Ferraro also raised questions about the finances projected by the borough. The numbers the South Kenai Peninsula Hospital Service Area Board cited in its comment to the assembly opposing the ordinance came from Borough Mayor Mike Navarre’s office and were based on the projection that those in the new service area would switch immediately from paying a 2.3 mill levy to a .01 mill levy, she said.
However, because of the upcoming vote on $4.8 million in bonds being issued to the residents of the South Kenai Peninsula Hospital Service Area — which would be on the ballot at the same time as the service area boundary move — those who move into the new service area would still be obligated to retire the bonds, which means they would be paying an approximately 1.3 mill rate for the next approximately 8 years. Ferraro said she did not find this out until the night of the meeting.

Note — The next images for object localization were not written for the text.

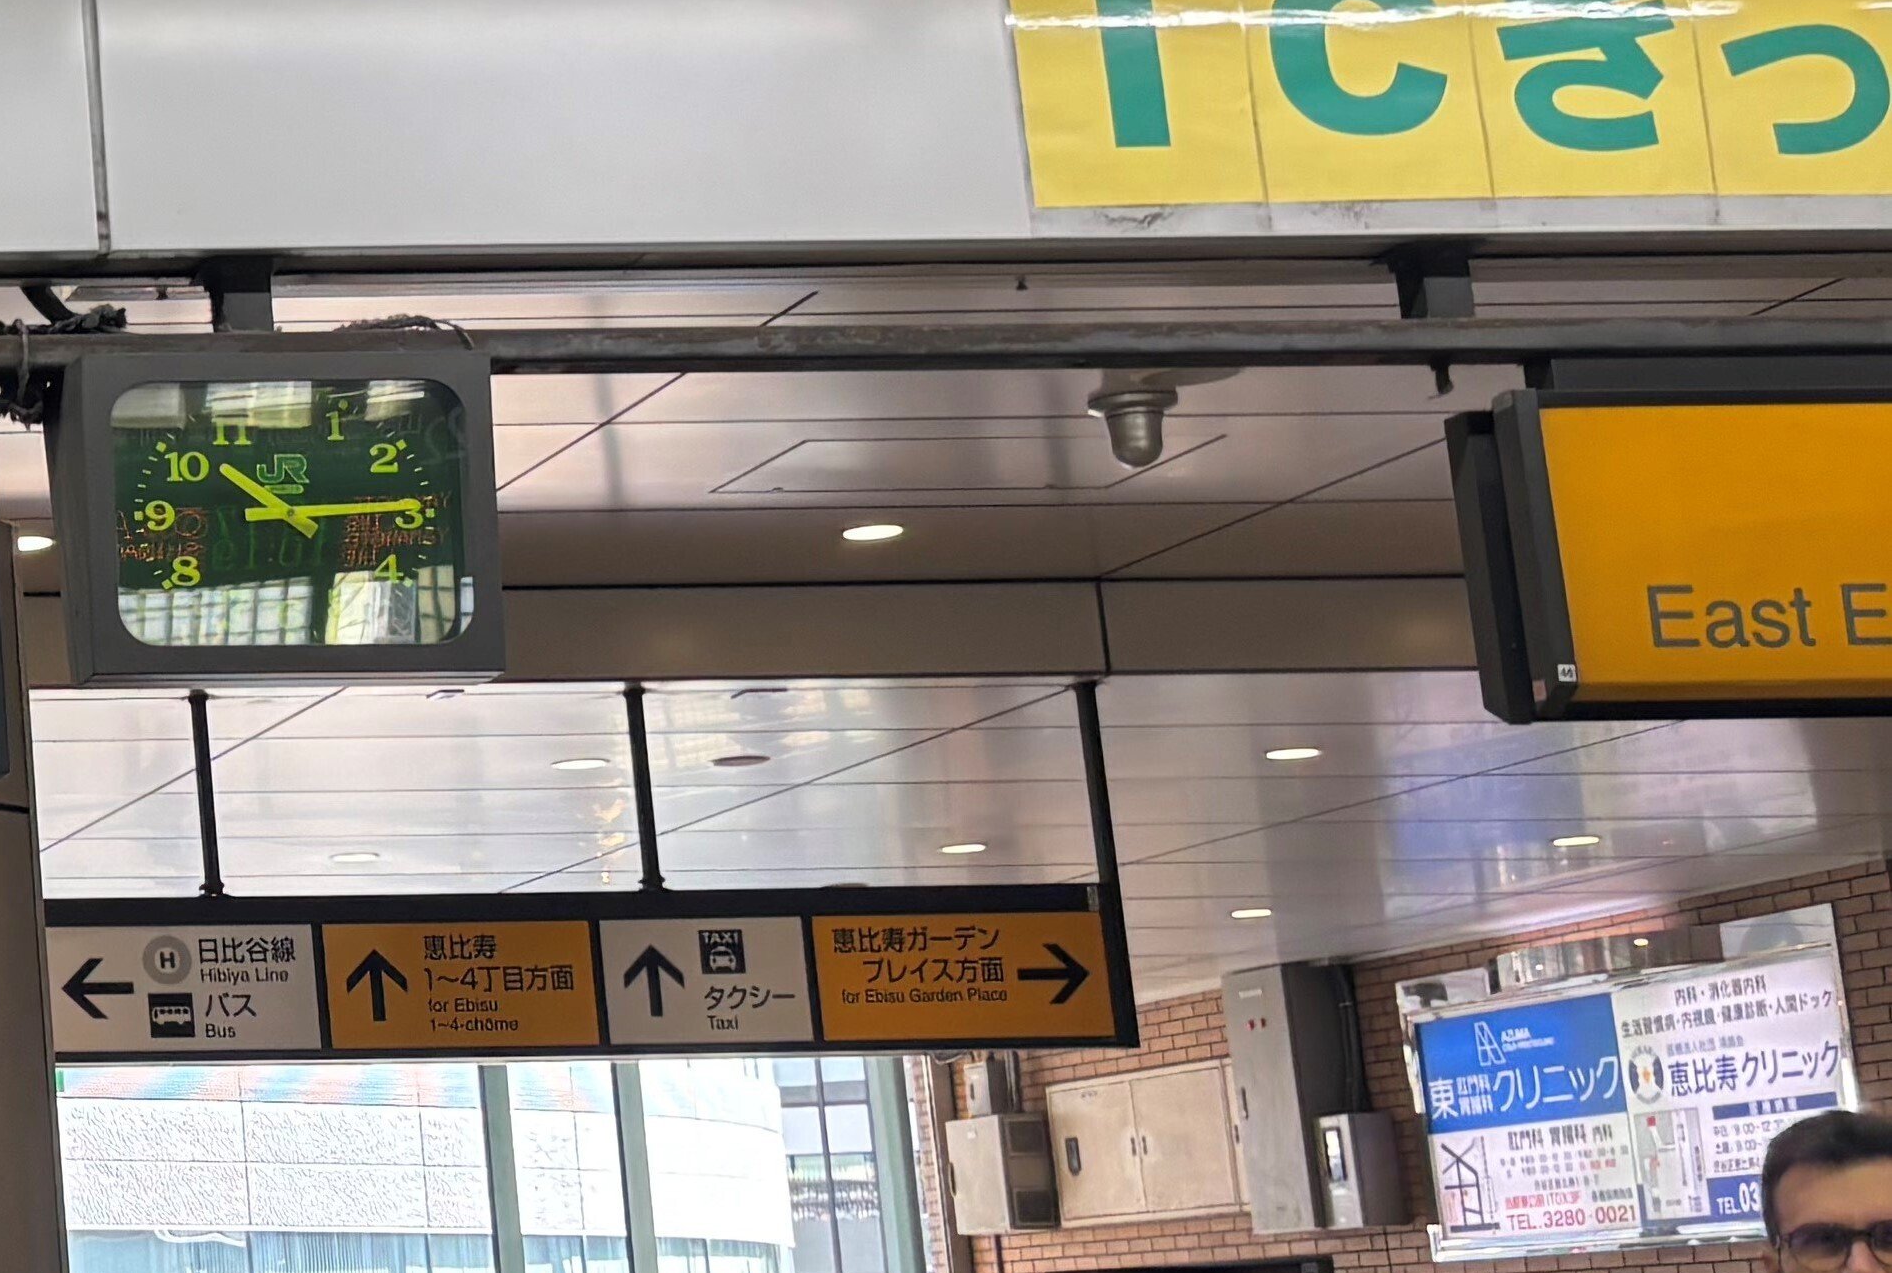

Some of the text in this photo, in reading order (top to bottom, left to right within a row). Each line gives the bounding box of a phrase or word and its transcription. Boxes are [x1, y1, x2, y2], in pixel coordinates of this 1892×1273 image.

[1647, 585, 1816, 649] East
[423, 934, 496, 960] 恵比寿
[704, 930, 740, 944] TAXI
[832, 927, 1000, 953] 恵比寿ガーデン
[198, 936, 295, 965] 日比谷線
[200, 966, 288, 985] Hibiya Line
[861, 958, 1004, 985] プレイス方面
[204, 992, 257, 1019] バス
[428, 997, 500, 1013] for Ebisu
[703, 986, 795, 1009] タクシー
[840, 986, 1007, 1005] for Ebisu Garden Place
[205, 1023, 236, 1038] Bus
[706, 1015, 737, 1031] Taxi
[1668, 1041, 1839, 1096] 恵比寿クリニック
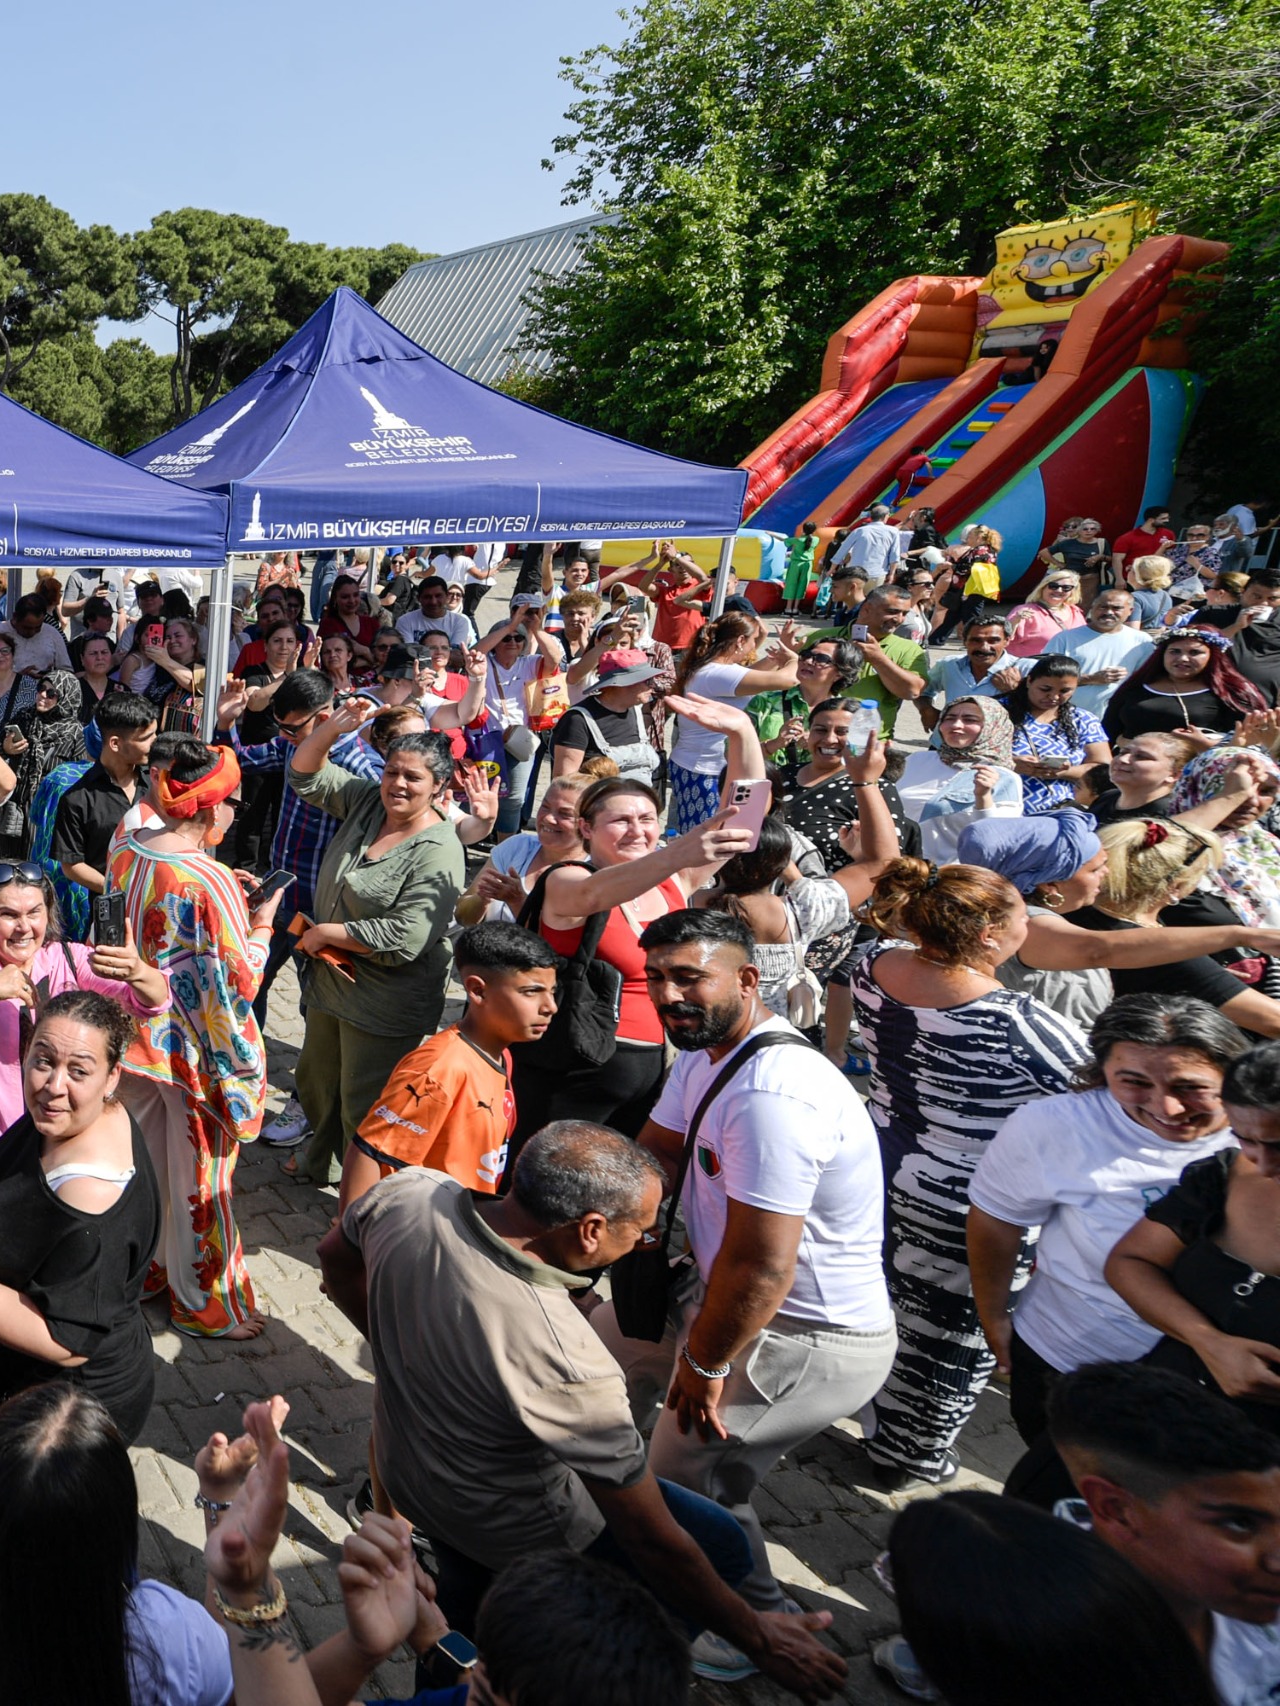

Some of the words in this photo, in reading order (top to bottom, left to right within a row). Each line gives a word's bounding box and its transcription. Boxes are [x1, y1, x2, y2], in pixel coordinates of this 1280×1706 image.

“You all have access to information we don’t have access to,” she said. “We are just learning that sitting here … we are only as smart and can only come up with important and accurate comments based on what’s out there and what’s on the website.”
Johnson said he sent the numbers out via email to those who had indicated interest in the subject to him, and that anyone who provides him an email address can receive the same information.
He proposed a similar ordinance last year to move the common boundary further south and to include Seldovia, Nanwalek and Port Graham in the service area. That ordinance failed, in part because of the lack of public voice in the process, Johnson said. This is his last year on the assembly and he wants to see it done before he is term-limited out in the fall, he said.
“It has never been my intention to harm (South Peninsula) Hospital at all,” Johnson said. “I am trying to put a line where it is fair.”